Modern data protection includes not only the traditional processes of backup and archiving, but also snapshotting, replication, comprehensive monitoring/management, automated data recovery, and other fairly sophisticated IT activities. Technically, of course, those data protection activities are still separate processes. But that doesn’t mean they should be deployed and managed from isolated storage silos.
Data sets should be able to interoperate—at least to the extent that the interoperation benefits the organization by reducing its storage footprint, reducing its operational activity windows on production servers (due to
smaller/fewer redundant production data sets), and enabling common/shared data management.
Those are the elements that help organizations become more agile in their recovery capabilities, while minimizing the impact that data protection operations can have on the front-end IT environment and the overall infrastructure footprint. It’s not just about backup or data protection; it’s about data management overall.

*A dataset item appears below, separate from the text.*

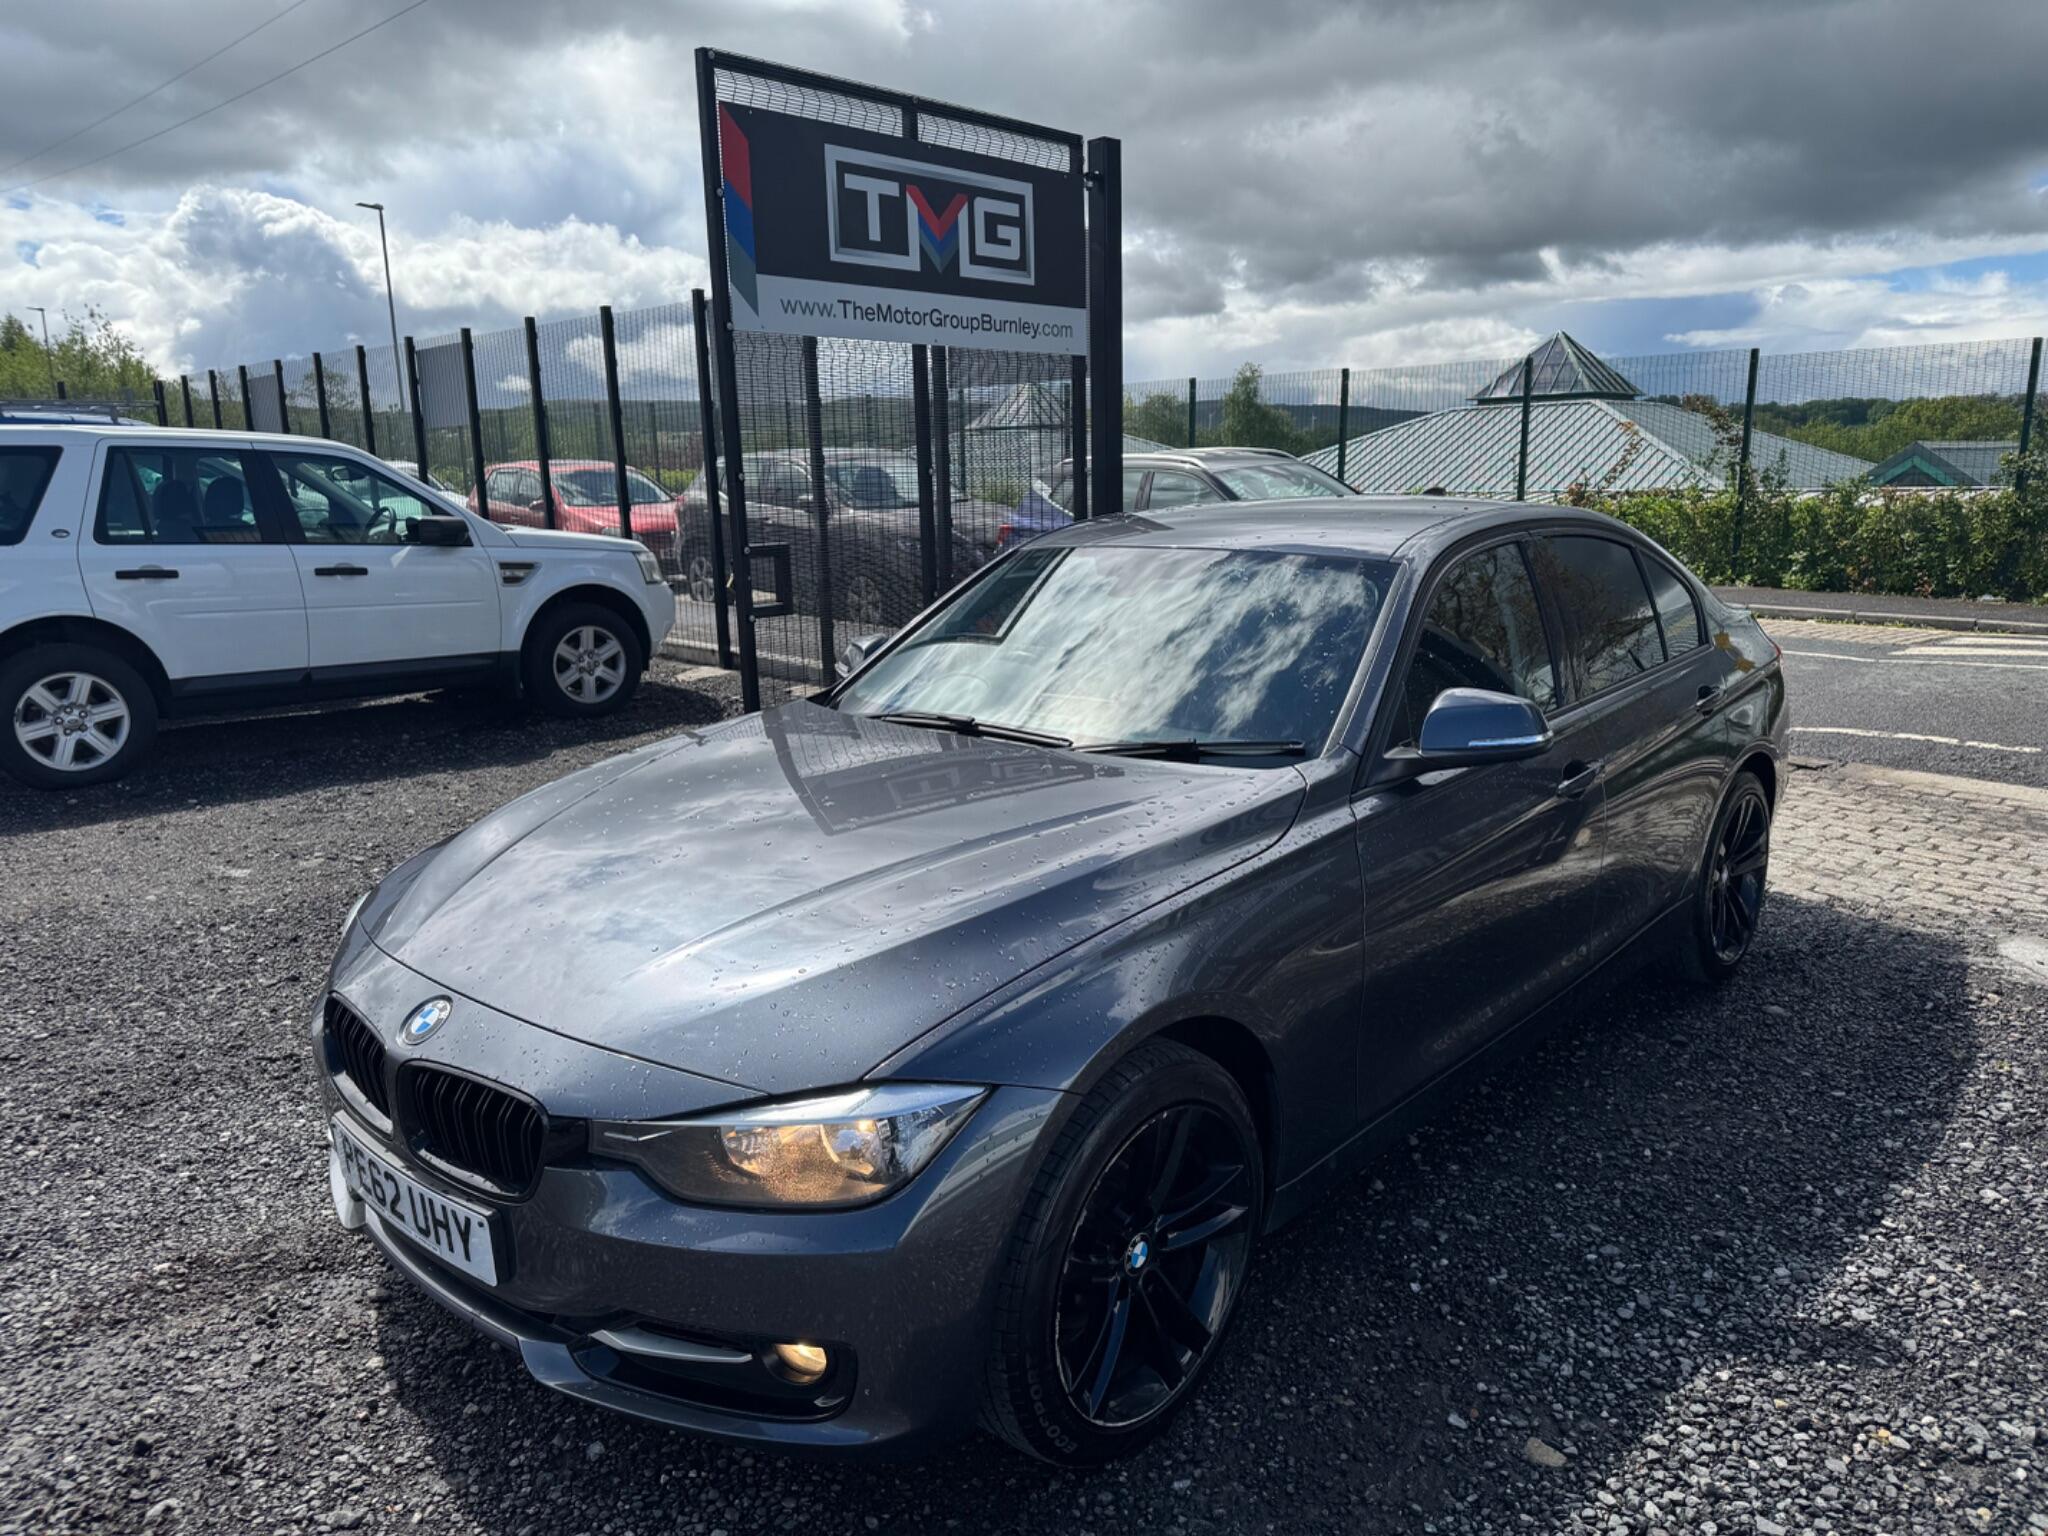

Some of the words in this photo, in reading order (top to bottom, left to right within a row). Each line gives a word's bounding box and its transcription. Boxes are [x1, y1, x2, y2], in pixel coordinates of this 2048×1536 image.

Think about what IT outcomes you need, then envision the smartest way to achieve those outcomes. This exercise is about more than modernizing data protection; it is about being more efficient with storage to better deliver data to users at any point in the data storage lifecycle. And efficiencies that make production storage more agile also enable better data protection by enhancing other data-movement functions or creating additional data recovery capabilities … all of it truly being better together.